June 25, 2000
New Labels on Children's Sleepwear Alert Parents to Fire Dangers
Prevent burn injuries by
wearing snug-fitting or flame-resistant garments
Washington DC (SafetyAlerts) To prevent burn injuries,
the U.S. Consumer Product Safety Commission (CPSC) urges parents to make sure their
children's sleepwear is either flame-resistant or snug-fitting. Loose-fitting T-shirts and
other loose-fitting clothing made of cotton or cotton blends should not be used for
children's sleepwear. These garments can catch fire easily, burn rapidly, and are
associated with nearly 300 emergency-room-treated burn injuries to children each year.
Children are most at risk from burn injuries that result from playing with fire (matches,
lighters, candles, burners on stoves) just before bedtime and just after rising in the
As of June 28, 2000, CPSC will require hangtags and permanent labels on snug-fitting
children's sleepwear, made of cotton or cotton blends, to remind consumers that because
the garment is not flame-resistant, it must fit snugly for safety. The new yellow hangtag
for snug-fitting garments says: "For child's safety, garment should fit snugly. This
garment is not flame resistant. Loose-fitting garment is more likely to catch fire."
The permanent label says "Wear snug-fitting. Not flame resistant" and is sewn
into the neck of the garment. Parents should look for tags that say the garment is
flame-resistant or snug-fitting.
Flame-resistant garments are made from inherently flame-resistant fabrics or are treated
with flame retardants and do not continue to burn when removed from a small flame.
Snug-fitting sleepwear is made of stretchy cotton or cotton blends that fit closely
against a child's body. Snug-fitting sleepwear is less likely than loose T-shirts to come
into contact with a flame and does not ignite as easily or burn as rapidly because there
is little air under the garment to feed a fire.

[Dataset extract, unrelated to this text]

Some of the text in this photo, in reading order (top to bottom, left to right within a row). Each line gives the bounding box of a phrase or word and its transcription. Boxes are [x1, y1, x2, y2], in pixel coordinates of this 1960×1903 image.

CPSC Vice Chairman Thomas Moore said, "It's safer to put your children in
flame-resistant or snug-fitting sleepwear, not in other types of loose-fitting cotton or
cotton-blend garments." Describing the new CPSC labels, Moore added, "Look for
the new yellow hangtags. They tell you that the garment should fit snugly and they warn
that a loose-fitting garment is more likely to catch fire."
CPSC sets national safety standards for children's sleepwear flammability. These standards
protect children from serious burn injuries if they come in contact with a small flame.

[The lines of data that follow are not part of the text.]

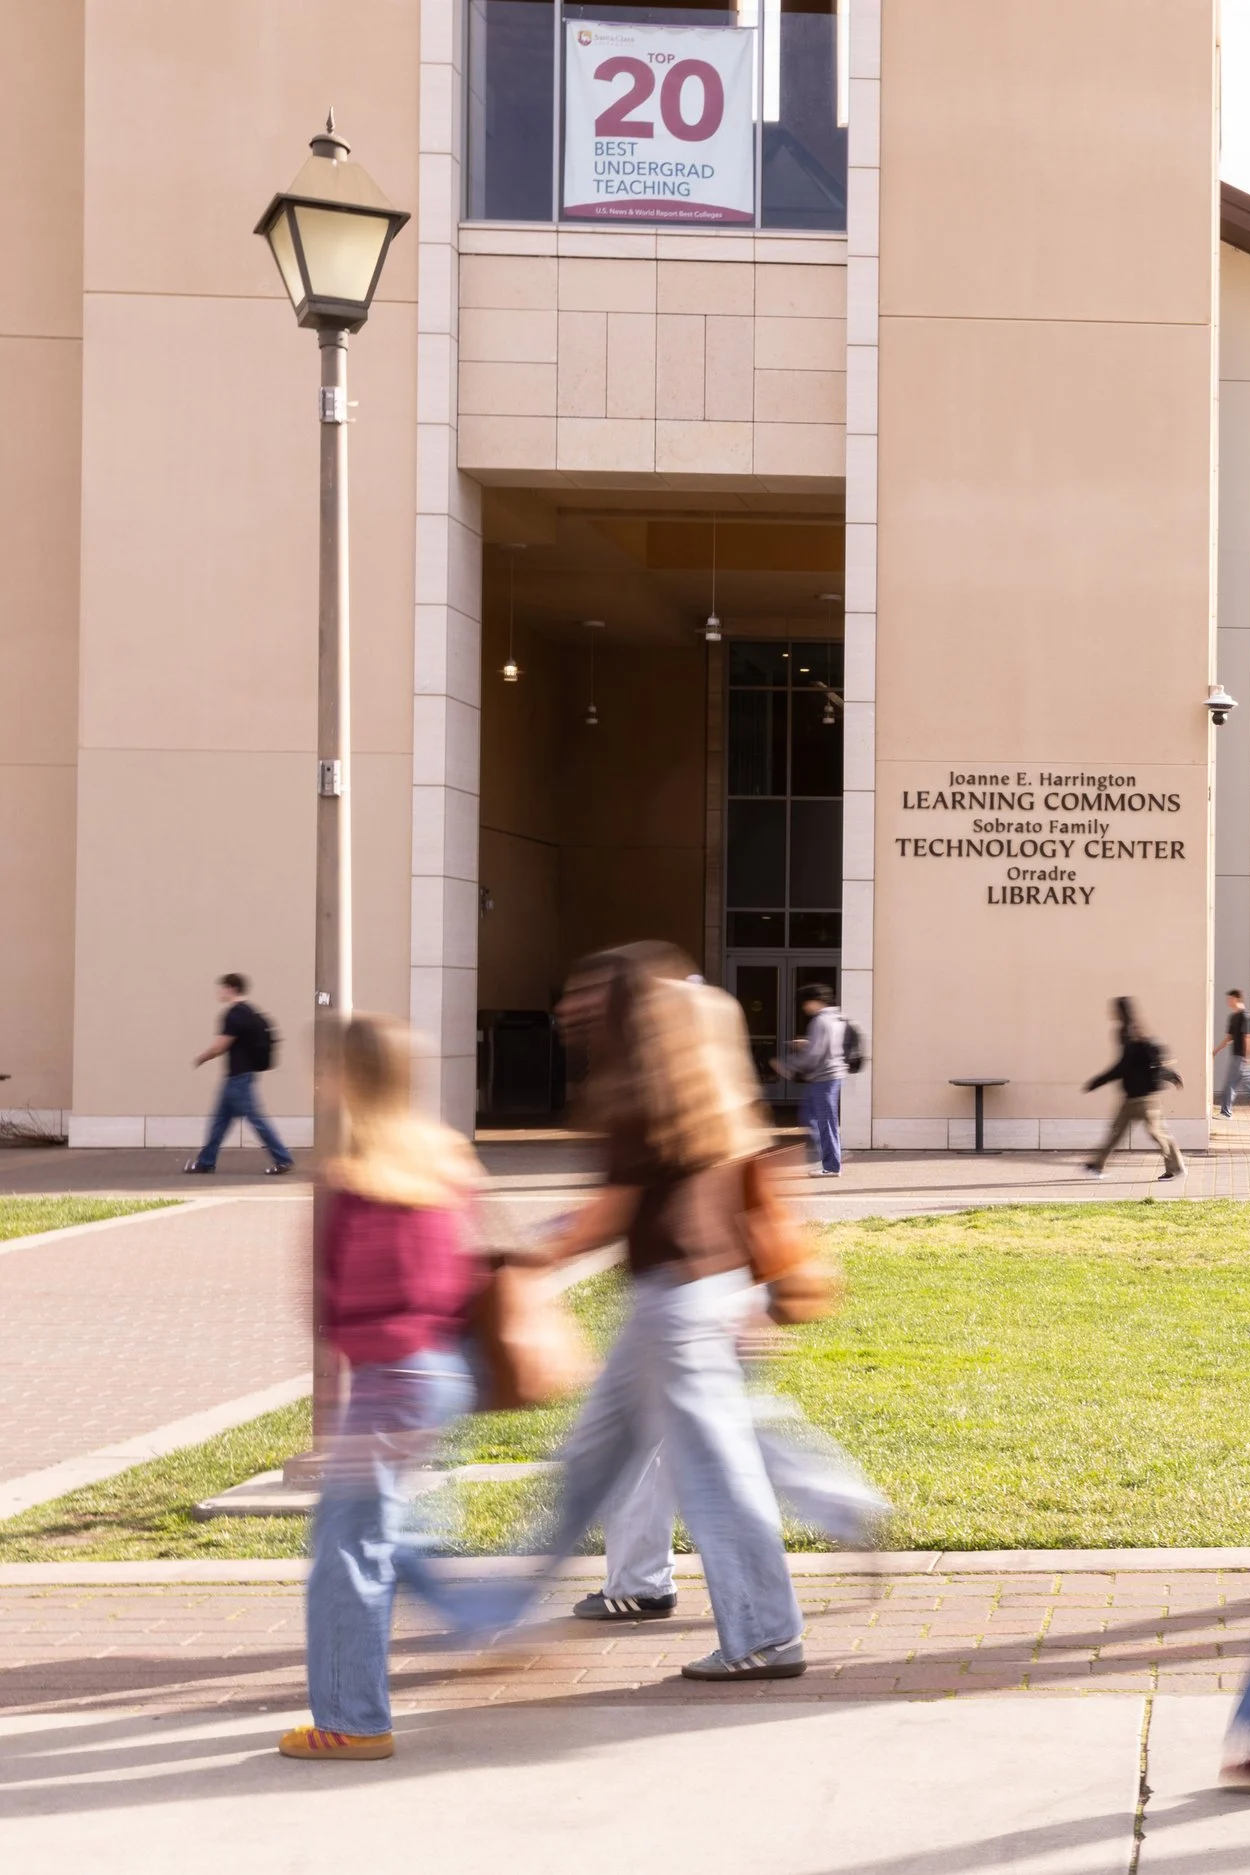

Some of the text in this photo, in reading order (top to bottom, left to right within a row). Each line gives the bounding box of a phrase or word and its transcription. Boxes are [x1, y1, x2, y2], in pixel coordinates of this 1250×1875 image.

[648, 52, 675, 64] TOP
[593, 56, 724, 141] 20
[594, 142, 638, 157] BEST
[594, 160, 715, 179] UNDERGRAD
[593, 179, 691, 197] TEACHING
[635, 208, 655, 216] World
[656, 209, 678, 217] Report
[694, 210, 723, 219] Colleges
[949, 771, 1137, 791] Joanne E. Harrington
[902, 791, 1181, 812] LEARNING COMMONS
[973, 818, 1110, 838] Sobrato Family
[895, 838, 1186, 859] TECHNOLOGY CENTER
[1007, 866, 1077, 881] Orradre
[987, 886, 1096, 905] LIBRARY

Under federal safety rules, garments sold as children's sleepwear for sizes larger than
nine months must be either flame-resistant or snug-fitting.
The U.S. Consumer Product
Safety Commission protects the public from the unreasonable risk of injury or death from
15,000 types of consumer products under the agency's jurisdiction. To report a dangerous
product or a product-related injury, you can go to CPSC's forms page and use the first
on-line form on that page. Or, you can call CPSC's hotline at (800) 638-2772 or CPSC's
teletypewriter at (800) 638-8270, or send the information to firstname.lastname@example.org. To order a
press release through fax-on-demand, call (301) 504-0051 from the handset of your fax
machine and enter the release number. Consumers can obtain this release and recall
information from CPSC's web site at www.cpsc.gov or by
calling the hotline or sending your request to email@example.com.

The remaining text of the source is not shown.